The Scoreboard (Final)
| Metric | Before | After |
|---|---|---|
| Nodes on Nebula | 0 | 18/18 |
| etcd peer URLs | Tailscale (100.x.x.x) | Nebula (10.167.x.x) |
| Flannel MTU | 1230 | 1250 (Unified) |
| Trans-Pacific latency | ~1,020ms | ~172ms (Direct) |
| Outage Duration | 0h | ~78 hours |
| Webhooks Nuked | 0 | All of them |
| Smart plug incidents | 0 | 1 (Never again) |
What We Learned
1. Shadow networks are underrated. Keep your old network until the new one has survived at least one unplanned incident. Tailscale saved the cluster three times while we were trying to kill it.
2. Standardize your MTU globally. A 50-byte difference between a relay and a worker is an invisible wall that only stops the most important packets (TLS certs).
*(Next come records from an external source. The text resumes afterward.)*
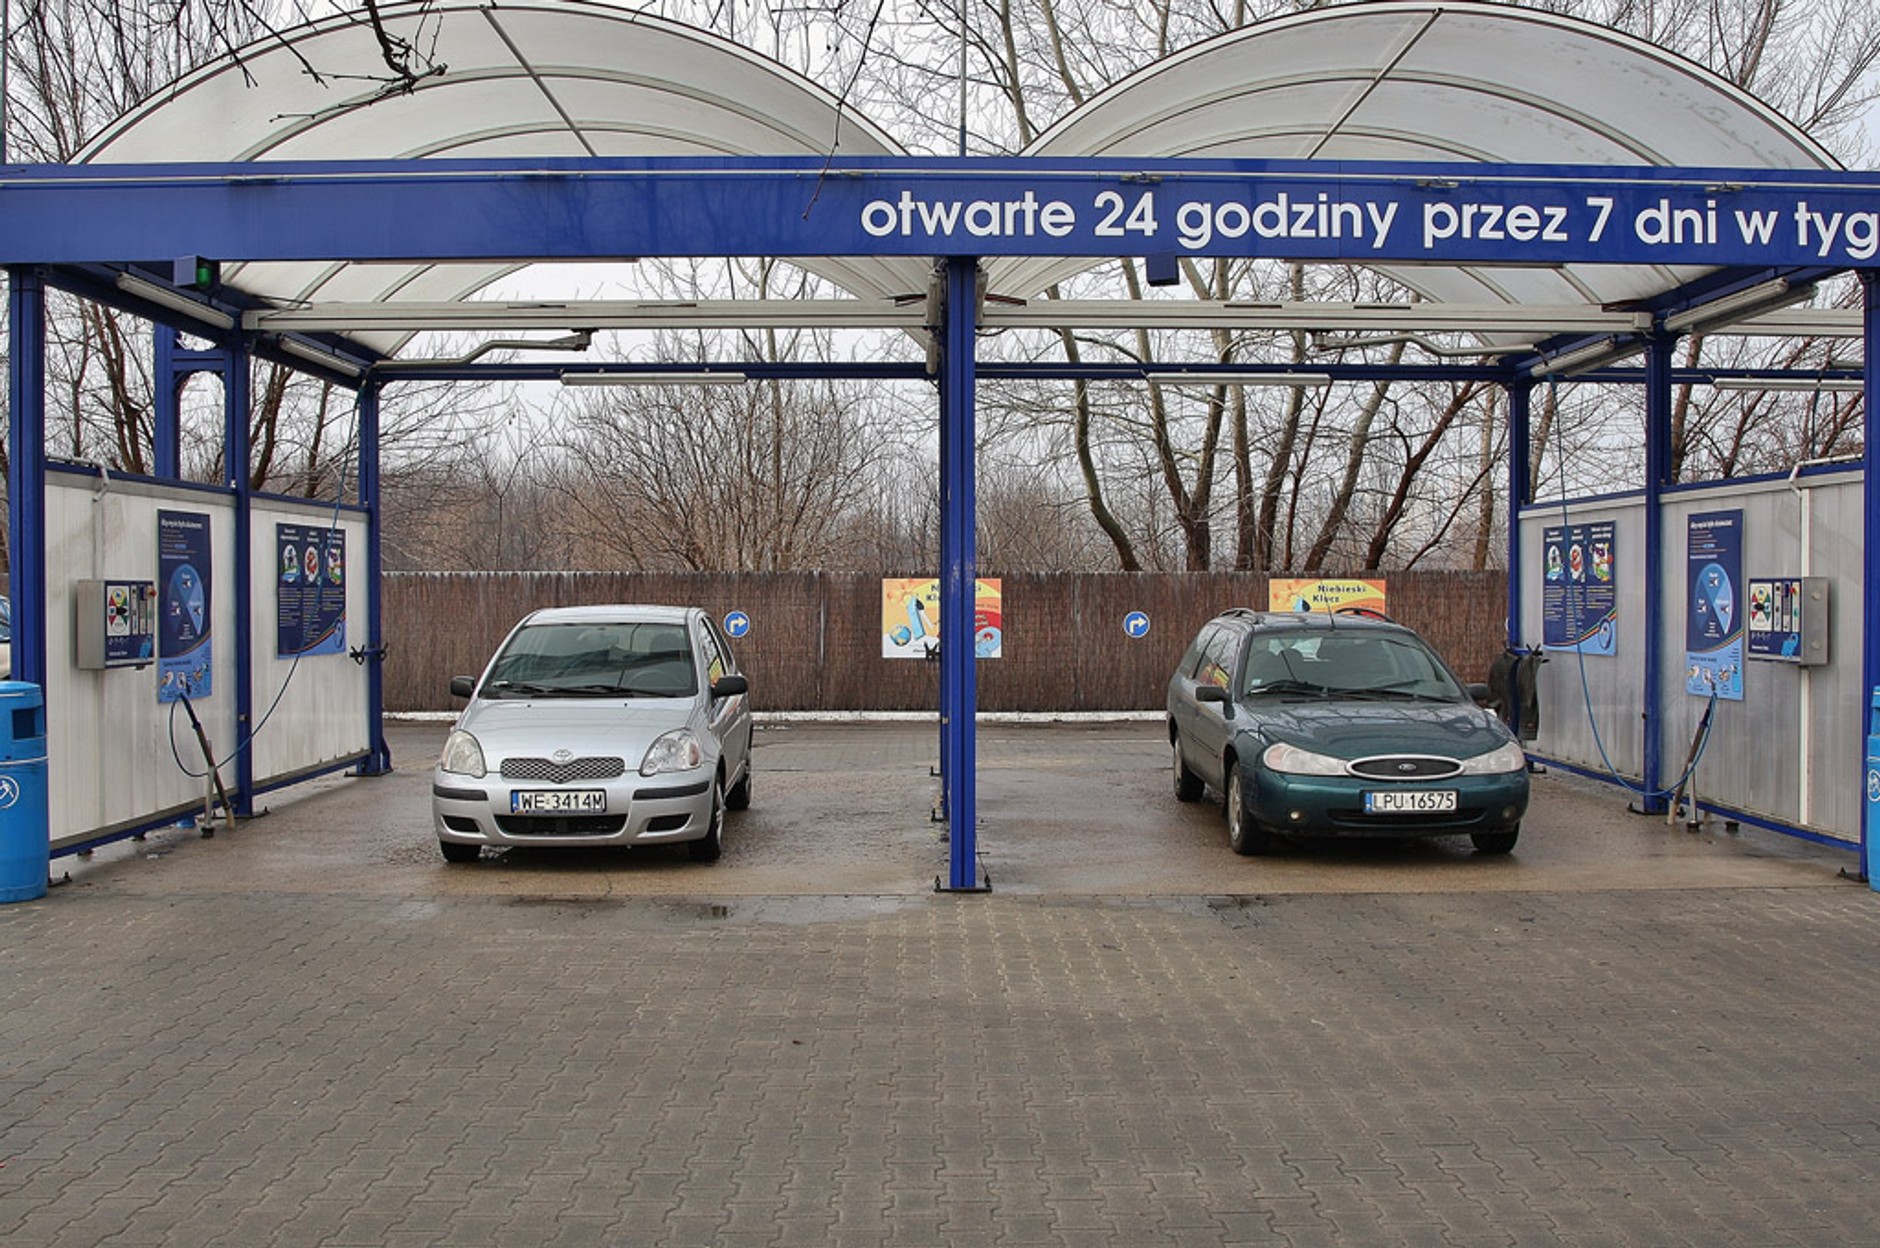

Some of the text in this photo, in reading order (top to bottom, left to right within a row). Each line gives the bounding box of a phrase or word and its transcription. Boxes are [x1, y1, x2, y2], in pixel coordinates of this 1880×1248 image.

[861, 190, 1880, 260] otwarte 24 godziny przez 7 dni w tyg
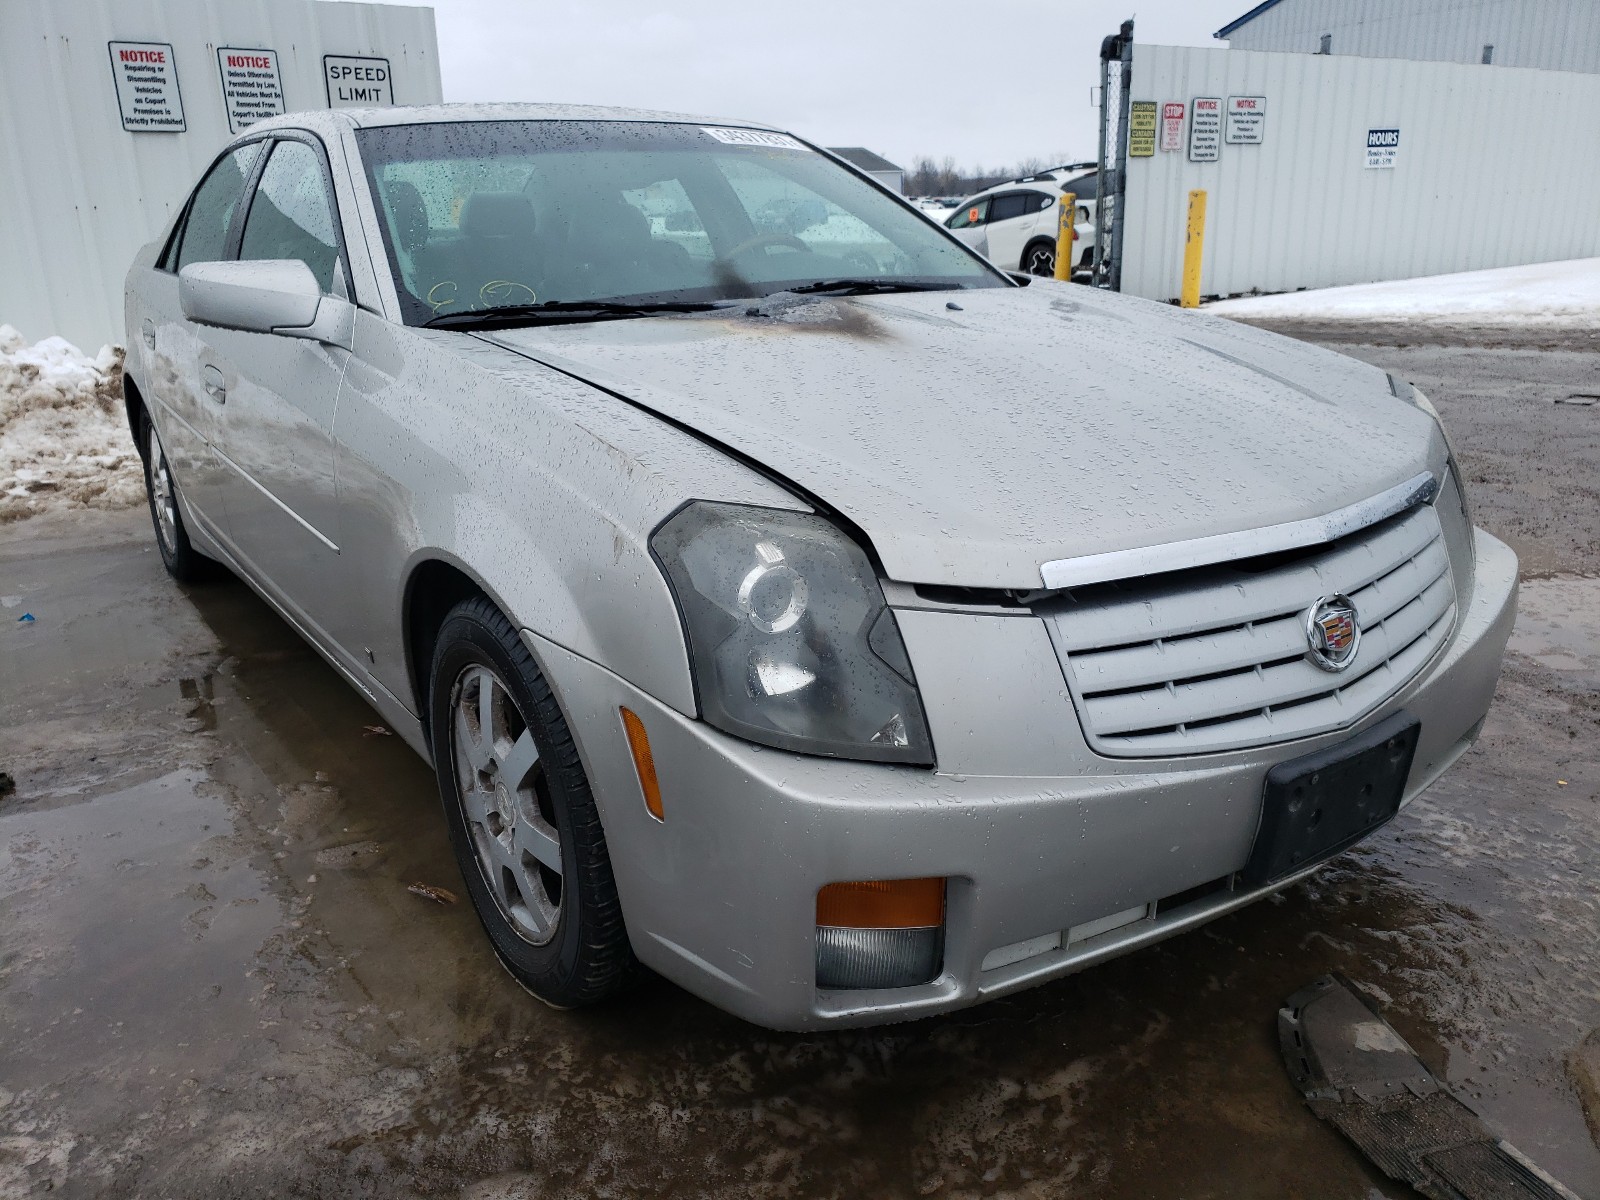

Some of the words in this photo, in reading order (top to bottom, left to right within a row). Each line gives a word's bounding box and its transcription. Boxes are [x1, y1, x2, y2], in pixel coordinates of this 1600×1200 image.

[120, 50, 165, 63] NOTICE
[227, 55, 271, 69] NOTICE
[124, 64, 156, 73] Repairing
[228, 70, 246, 78] Unless
[247, 71, 275, 79] Otherwise
[330, 66, 386, 81] SPEED
[127, 75, 166, 84] Dismantling
[228, 80, 255, 88] Permitted
[256, 82, 263, 90] by
[264, 82, 277, 90] Law,
[135, 86, 162, 94] Vehicles
[338, 87, 381, 102] LIMIT
[144, 97, 166, 105] Copart
[1197, 101, 1217, 109] NOTICE
[1236, 100, 1256, 108] NOTICE
[133, 107, 164, 115] Premises
[1165, 105, 1183, 117] STOP
[125, 117, 149, 125] Strictly
[1368, 132, 1398, 145] HOURS
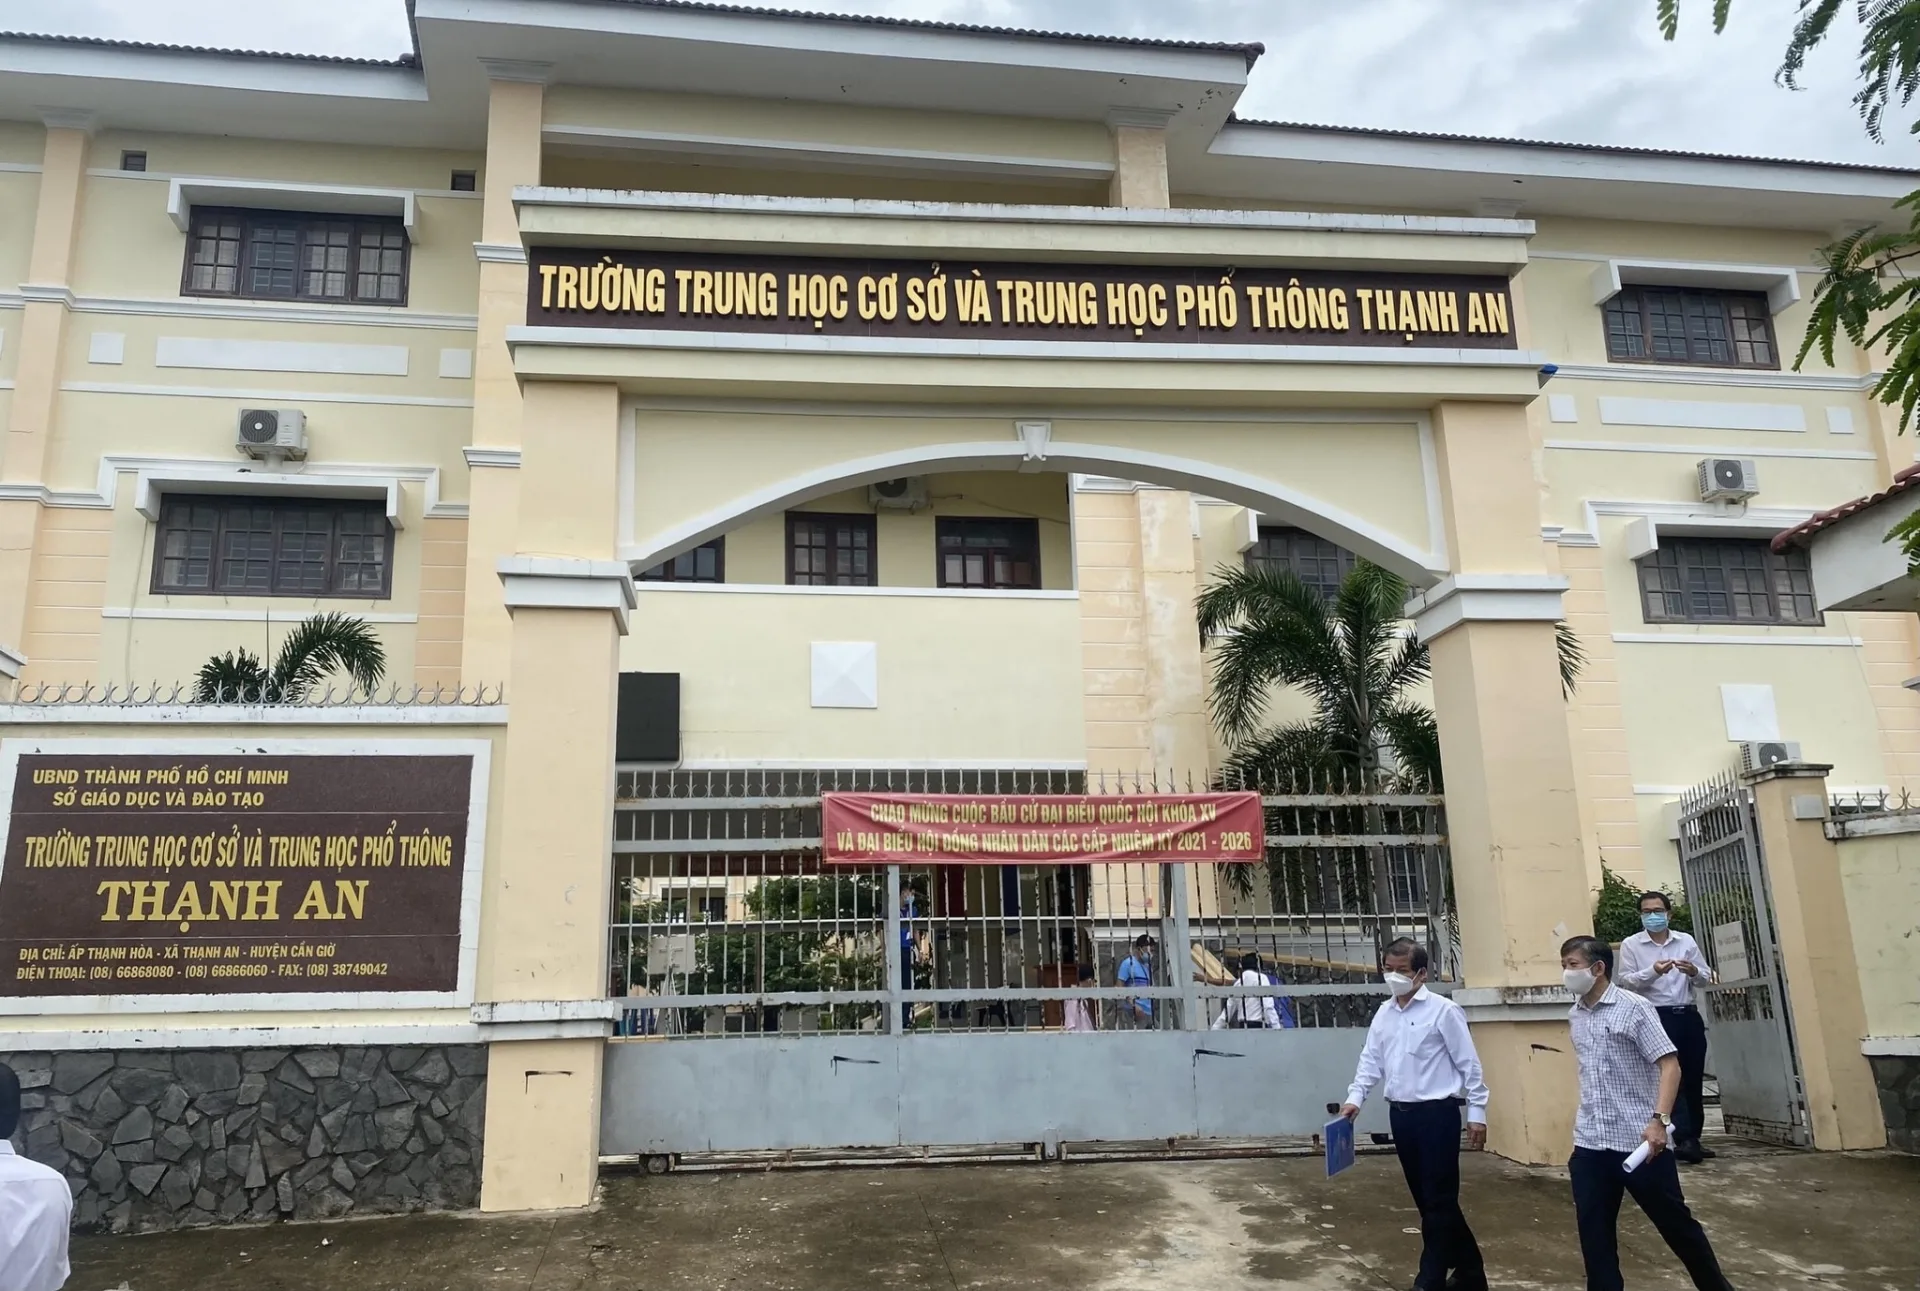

3. Single-node etcd on RPi5 is fragile. It can handle 18 nodes, but not 18 nodes and 250 pods trying to reconcile at once. Use cordon and drain to protect your master during recovery.
4. Webhooks are a circular dependency trap. If your API is struggling, delete your ValidatingWebhooks. You can always recreate them later, but they will kill your ability to recover a broken cluster.
5. Label your smart plugs. Seriously.
The ShortCircuit mesh runs on Nebula by Slack. The 80-hour recovery was performed by one human (Jay) and two AIs (Claudeus and Geminius) operating as the CGJ High Command. No etcd clusters were permanently harmed, though the RPi5 is still recovering from the stress.